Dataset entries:
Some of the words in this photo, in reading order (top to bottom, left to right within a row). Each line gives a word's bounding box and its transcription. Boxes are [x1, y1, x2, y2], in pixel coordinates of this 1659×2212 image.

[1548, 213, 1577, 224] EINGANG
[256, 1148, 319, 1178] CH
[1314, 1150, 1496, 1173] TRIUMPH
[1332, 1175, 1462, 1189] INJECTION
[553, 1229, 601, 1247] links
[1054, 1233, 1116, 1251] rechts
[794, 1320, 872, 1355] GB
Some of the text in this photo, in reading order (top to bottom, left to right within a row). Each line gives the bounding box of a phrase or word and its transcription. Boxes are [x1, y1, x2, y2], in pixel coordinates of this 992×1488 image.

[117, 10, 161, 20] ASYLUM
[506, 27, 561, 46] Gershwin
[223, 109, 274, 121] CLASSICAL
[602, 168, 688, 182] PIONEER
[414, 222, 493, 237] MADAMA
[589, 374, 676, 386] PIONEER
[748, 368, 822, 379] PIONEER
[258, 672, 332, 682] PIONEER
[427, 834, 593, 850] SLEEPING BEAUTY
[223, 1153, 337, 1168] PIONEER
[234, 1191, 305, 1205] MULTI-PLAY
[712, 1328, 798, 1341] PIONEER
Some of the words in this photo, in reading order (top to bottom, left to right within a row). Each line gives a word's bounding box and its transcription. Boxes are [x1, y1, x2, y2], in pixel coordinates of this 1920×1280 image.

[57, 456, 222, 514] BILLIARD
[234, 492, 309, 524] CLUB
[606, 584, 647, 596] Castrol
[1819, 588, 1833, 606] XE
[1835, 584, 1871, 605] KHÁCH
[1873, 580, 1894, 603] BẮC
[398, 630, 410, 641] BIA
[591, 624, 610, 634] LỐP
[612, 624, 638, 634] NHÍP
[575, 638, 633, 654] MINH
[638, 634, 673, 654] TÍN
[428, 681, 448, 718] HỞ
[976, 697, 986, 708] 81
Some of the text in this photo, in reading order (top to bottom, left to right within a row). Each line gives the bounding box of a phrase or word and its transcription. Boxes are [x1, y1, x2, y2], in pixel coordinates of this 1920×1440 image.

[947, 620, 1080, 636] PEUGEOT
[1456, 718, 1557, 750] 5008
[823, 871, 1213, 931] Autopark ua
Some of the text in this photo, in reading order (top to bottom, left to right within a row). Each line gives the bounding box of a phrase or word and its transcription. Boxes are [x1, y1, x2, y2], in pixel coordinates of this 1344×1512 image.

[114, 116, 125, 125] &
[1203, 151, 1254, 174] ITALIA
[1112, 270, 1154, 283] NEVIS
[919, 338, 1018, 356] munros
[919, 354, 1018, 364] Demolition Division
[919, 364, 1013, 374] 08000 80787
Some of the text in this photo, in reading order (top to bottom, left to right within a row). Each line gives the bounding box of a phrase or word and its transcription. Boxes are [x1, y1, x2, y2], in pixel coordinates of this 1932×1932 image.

Activity
Every line in the records has to be written out again exactly.

Exercise solution
Some of the words in this photo, in reading order (top to bottom, left to right within a row). Each line gives a word's bounding box and its transcription. Boxes are [x1, y1, x2, y2], in pixel coordinates of this 1659×2212 image.

[1548, 213, 1577, 224] EINGANG
[256, 1148, 319, 1178] CH
[1314, 1150, 1496, 1173] TRIUMPH
[1332, 1175, 1462, 1189] INJECTION
[553, 1229, 601, 1247] links
[1054, 1233, 1116, 1251] rechts
[794, 1320, 872, 1355] GB
Some of the text in this photo, in reading order (top to bottom, left to right within a row). Each line gives the bounding box of a phrase or word and its transcription. Boxes are [x1, y1, x2, y2], in pixel coordinates of this 992×1488 image.

[117, 10, 161, 20] ASYLUM
[506, 27, 561, 46] Gershwin
[223, 109, 274, 121] CLASSICAL
[602, 168, 688, 182] PIONEER
[414, 222, 493, 237] MADAMA
[589, 374, 676, 386] PIONEER
[748, 368, 822, 379] PIONEER
[258, 672, 332, 682] PIONEER
[427, 834, 593, 850] SLEEPING BEAUTY
[223, 1153, 337, 1168] PIONEER
[234, 1191, 305, 1205] MULTI-PLAY
[712, 1328, 798, 1341] PIONEER
Some of the words in this photo, in reading order (top to bottom, left to right within a row). Each line gives a word's bounding box and its transcription. Boxes are [x1, y1, x2, y2], in pixel coordinates of this 1920×1280 image.

[57, 456, 222, 514] BILLIARD
[234, 492, 309, 524] CLUB
[606, 584, 647, 596] Castrol
[1819, 588, 1833, 606] XE
[1835, 584, 1871, 605] KHÁCH
[1873, 580, 1894, 603] BẮC
[398, 630, 410, 641] BIA
[591, 624, 610, 634] LỐP
[612, 624, 638, 634] NHÍP
[575, 638, 633, 654] MINH
[638, 634, 673, 654] TÍN
[428, 681, 448, 718] HỞ
[976, 697, 986, 708] 81
Some of the text in this photo, in reading order (top to bottom, left to right within a row). Each line gives the bounding box of a phrase or word and its transcription. Boxes are [x1, y1, x2, y2], in pixel coordinates of this 1920×1440 image.

[947, 620, 1080, 636] PEUGEOT
[1456, 718, 1557, 750] 5008
[823, 871, 1213, 931] Autopark ua
Some of the text in this photo, in reading order (top to bottom, left to right within a row). Each line gives the bounding box of a phrase or word and its transcription. Boxes are [x1, y1, x2, y2], in pixel coordinates of this 1344×1512 image.

[114, 116, 125, 125] &
[1203, 151, 1254, 174] ITALIA
[1112, 270, 1154, 283] NEVIS
[919, 338, 1018, 356] munros
[919, 354, 1018, 364] Demolition Division
[919, 364, 1013, 374] 08000 80787
Some of the text in this photo, in reading order (top to bottom, left to right within a row). Each line gives the bounding box of a phrase or word and its transcription. Boxes are [x1, y1, x2, y2], in pixel coordinates of this 1932×1932 image.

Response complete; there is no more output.